「米国ねじれ議会」、世界金融市場の混乱に波及する?
(6)人民元の下落:2022年、中国人民元は対米ドルで年初来対比マイナス9.4%と大幅に下落(12月19日時点)。元安進展の背景には、感染再拡大に伴う景気後退懸念や、利上げペースを加速させる米国と金融緩和を続ける中国の金融政策の違いがある。
(7)新興国通貨の下落リスク:人民元だけでなく、他の新興国通貨の中にも下落リスクを意識すべきものが多い。2022年は、世界的なインフレと米欧中銀による急ピッチな利上げを受け、多くの新興国で通貨安が進んだ。2023年は、ファンダメンタルズや政治情勢に脆さを抱える一部の新興国で通貨安がさらに進むリスクがある。

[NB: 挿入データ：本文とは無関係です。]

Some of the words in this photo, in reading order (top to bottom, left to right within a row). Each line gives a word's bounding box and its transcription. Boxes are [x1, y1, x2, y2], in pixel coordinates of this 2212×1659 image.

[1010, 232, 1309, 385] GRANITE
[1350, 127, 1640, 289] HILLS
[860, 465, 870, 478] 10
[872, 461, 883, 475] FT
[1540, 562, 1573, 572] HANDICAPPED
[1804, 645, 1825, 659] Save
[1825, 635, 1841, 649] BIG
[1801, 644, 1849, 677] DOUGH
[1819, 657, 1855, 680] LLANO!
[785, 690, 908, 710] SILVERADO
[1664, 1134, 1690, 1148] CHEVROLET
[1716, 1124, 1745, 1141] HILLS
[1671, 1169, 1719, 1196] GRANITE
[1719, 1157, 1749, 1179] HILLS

特に懸念される国はトルコだ。トルコでは、インフレ率80%台へ暴騰しているのに、トルコ中銀はエルドアン大統領の「助言」に沿って厳しいインフレ下でも政策金利を下げ続け、内需をふかす一方、資金の海外流出と通貨リラ安を通じて、インフレ圧力を上昇させるスパイラルを招いている。
(8)米国のねじれ議会:大統領選を翌年(2024年)に控えた米国では、政治の不安定さもリスク要因となる。米国債の発行上限額を定めた法定債務上限は現状で31.4兆ドルだが、2023年後半にも債務上限に抵触する。

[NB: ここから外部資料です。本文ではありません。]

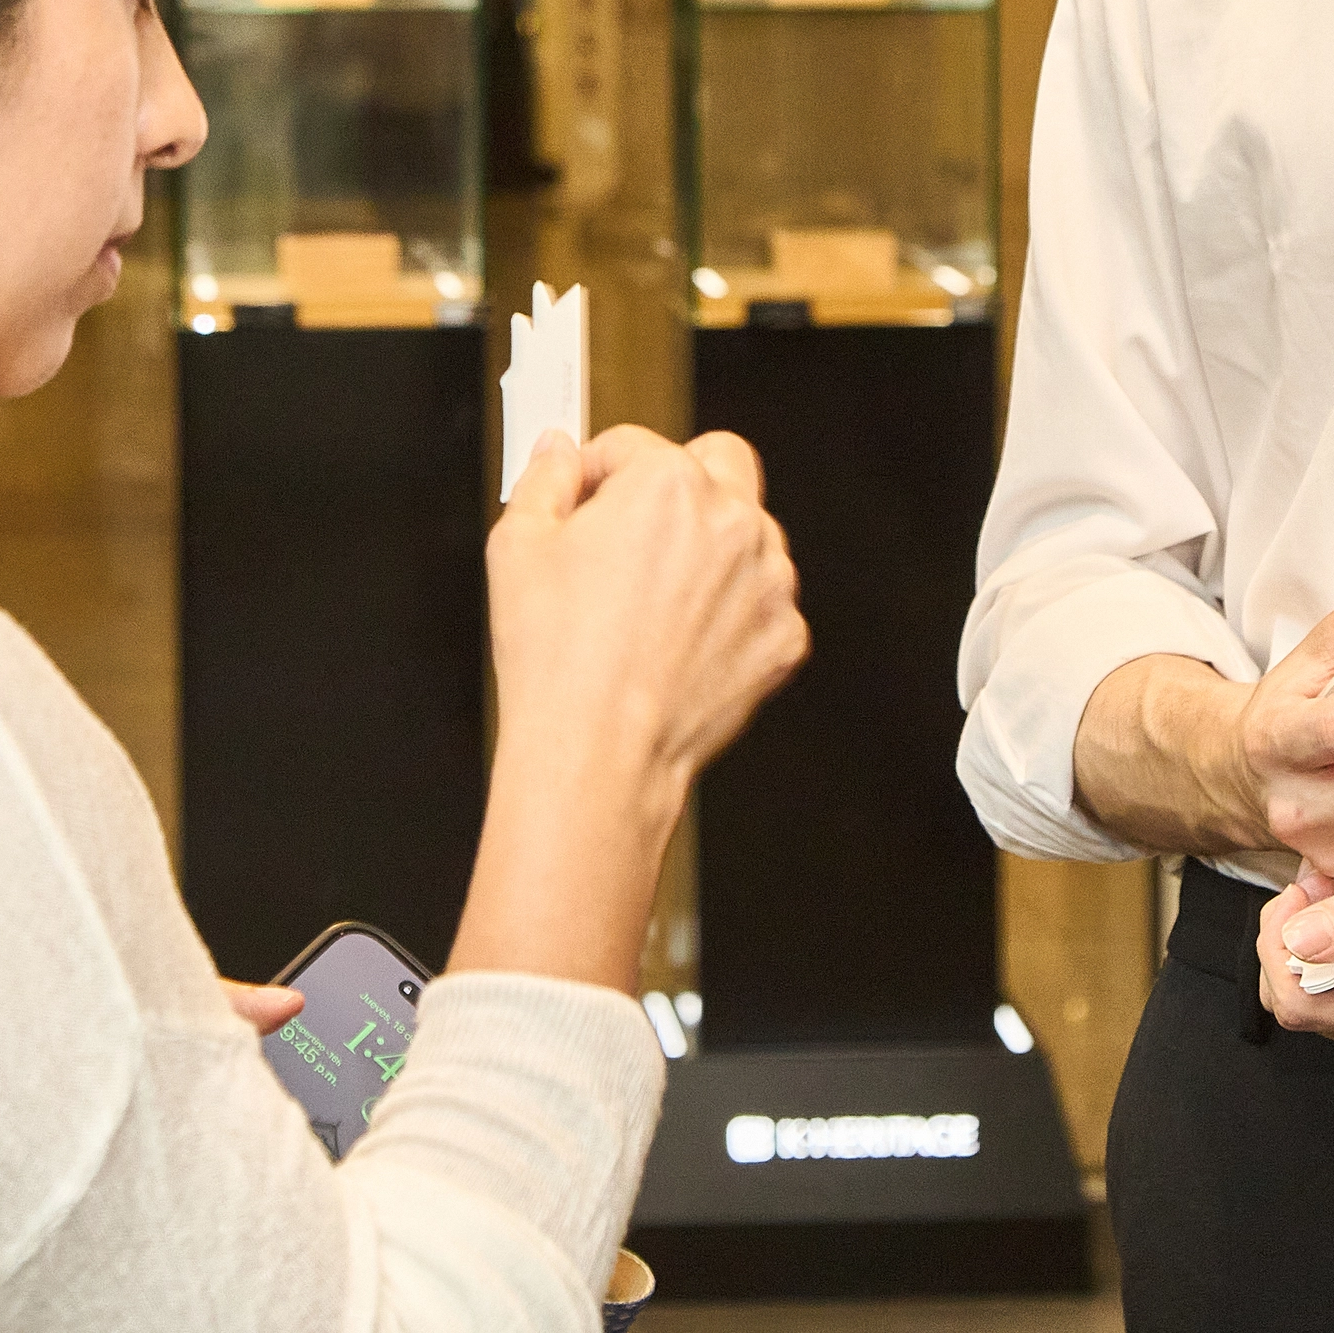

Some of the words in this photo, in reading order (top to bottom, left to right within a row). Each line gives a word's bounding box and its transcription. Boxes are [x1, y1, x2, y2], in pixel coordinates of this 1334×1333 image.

[290, 1018, 326, 1053] Cupertino
[359, 992, 392, 1025] Jueves,
[393, 1020, 406, 1036] 18
[279, 1025, 321, 1065] 9:45
[313, 1062, 338, 1088] p.m.
[343, 1020, 408, 1083] 1:4

このため、米議会は債務上限を引き上げる対応を行う必要があるが、共和党の下院トップは民主党との交渉材料にこの問題を使うと明言、政治問題化は避けられない。
2023年は米国でさらなる利上げが見込まれ、金融市場は変動の大きい状況が続くだけに、米国債のデフォルト(債務不履行)懸念が生じるだけでも、世界の金融市場の混乱に波及する可能性がある。
これやあれや、深刻なリスクが次々と襲ってきそうだが、武田氏らの研究チームはこう結んでいる。
「2023年は、ウクライナ情勢の好転が見込めない中で、欧米経済はインフレ抑制のための金融引き締めによる大幅な悪化が避けられず、中国はゼロコロナ政策の事実上の解除による感染急拡大で混乱が続くなど、極めて不確実性の高い状況が見込まれる。それでも、金融引き締めという人為的な景気減速が主因につき底割れは回避できると予想するが、(中略)世界経済に影響を与えるリスク要因が各地に散在しており、その動静には十分留意が必要である」
(福田和郎)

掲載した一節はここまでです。